Nevertheless, this Court has reviewed motions for summary disposition asserting lack of standing under MCR 2.116(C)(5). Aichele v Hodge, 259 Mich.App. 146, 152 n 2, 165; 673 N.W.2d 452 (2003); Int'l Union UAW v Central Mich. Univ Trustees, 295 Mich.App. 486, 492-493; 815 N.W.2d 132 (2012). And, regardless, even" '[i]f summary disposition is granted under one subpart of the court rule when it was actually appropriate under another, the defect is not fatal and does not preclude appellate review as long as the record permits review under the correct subpart.'" Bodnar v St John Providence, Inc, 327 Mich.App. 203, 211-212; 933 N.W.2d 363 (2019), quoting Detroit News, Inc v Policemen & Firemen Retirement Sys of the City of Detroit, 252 Mich.App. 59, 66; 651 N.W.2d 127 (2002) (quotation marks and citation omitted). The pleadings permit us to review the parties' standing arguments under MCR 2.116(C)(8).
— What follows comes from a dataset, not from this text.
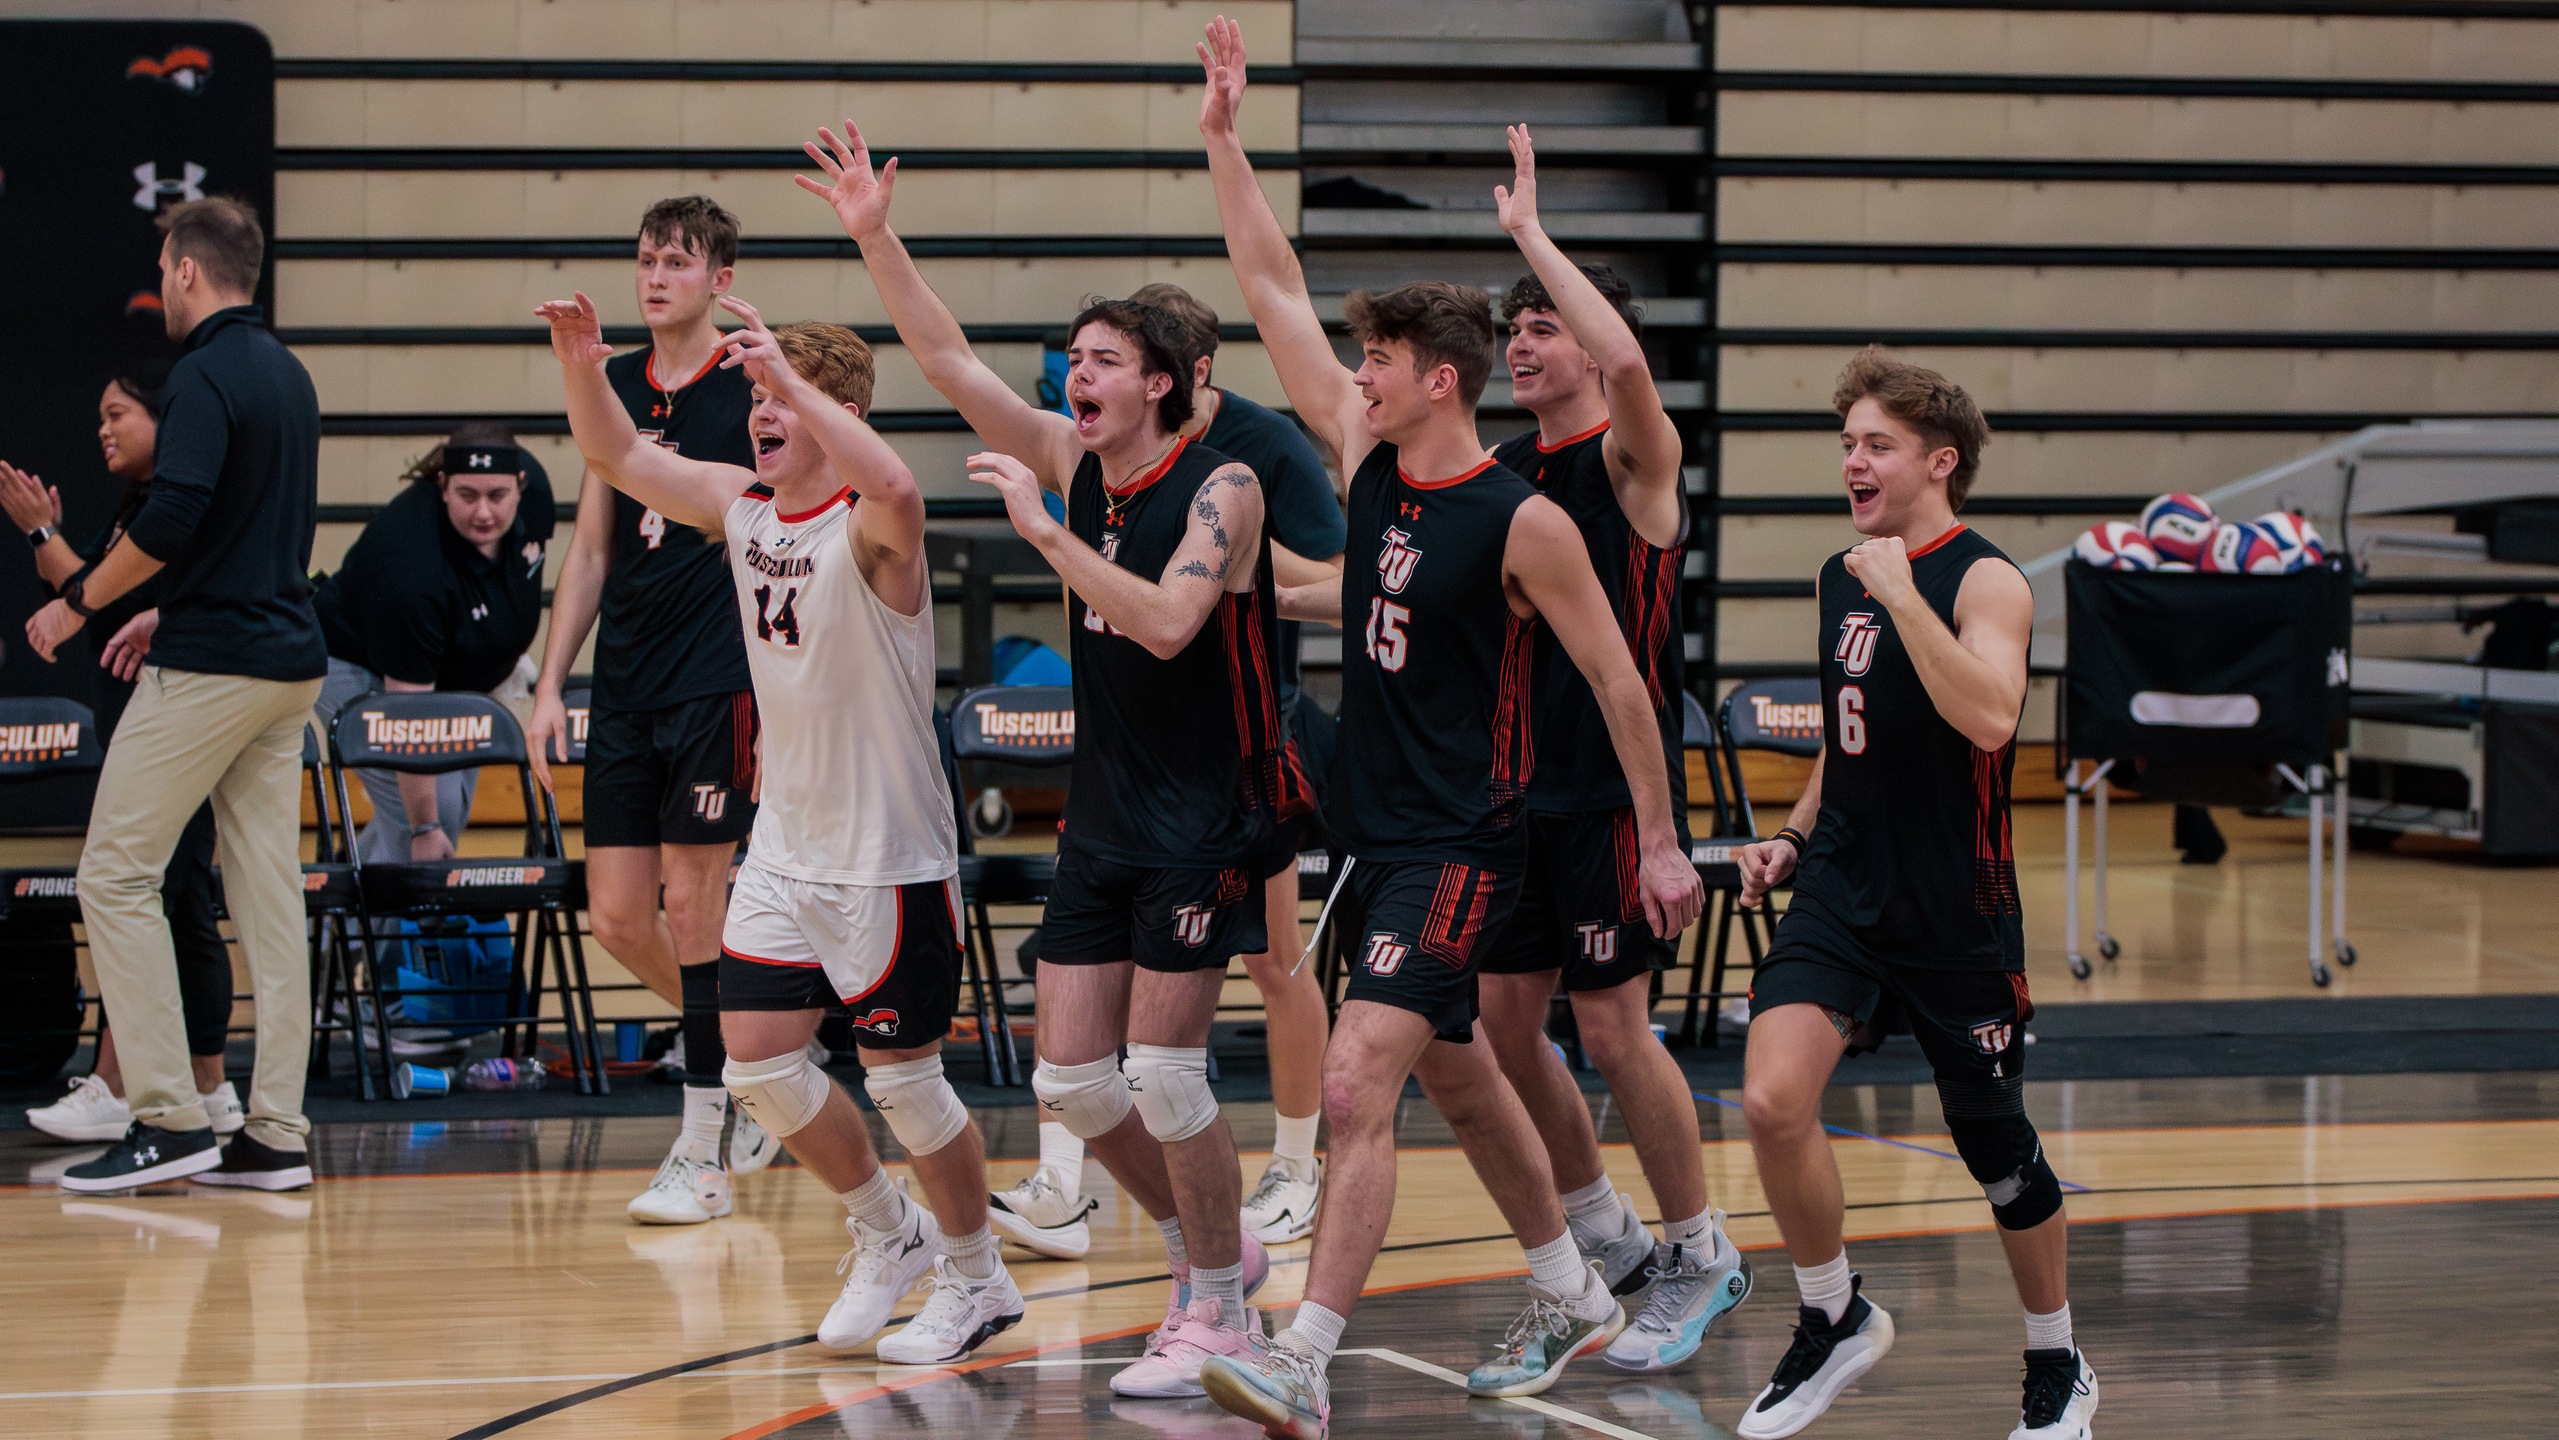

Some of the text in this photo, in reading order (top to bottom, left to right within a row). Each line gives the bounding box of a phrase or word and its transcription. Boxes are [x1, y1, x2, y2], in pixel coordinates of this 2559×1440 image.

Thus, if the trial court erred, the error was harmless.

B. SHAREHOLDER OPPRESSION

Next, plaintiffs assert they have properly stated a claim for shareholder oppression under MCL 450.1489, and that claim is direct, not derivative. We agree with that assertion, at least in part.

A trial court's grant of summary disposition is reviewed de novo. Int'l Union UAW, 295 Mich.App. at 493. "In reviewing a motion for summary disposition pursuant to MCR 2.116(C)(5), this Court must consider the pleadings, depositions, admissions, affidavits, and other documentary evidence submitted by the parties." Id. at 493 (quotation marks and citations omitted). Further, standing is a question of law reviewed de novo. Pontiac Police, 309 Mich.App. at 621.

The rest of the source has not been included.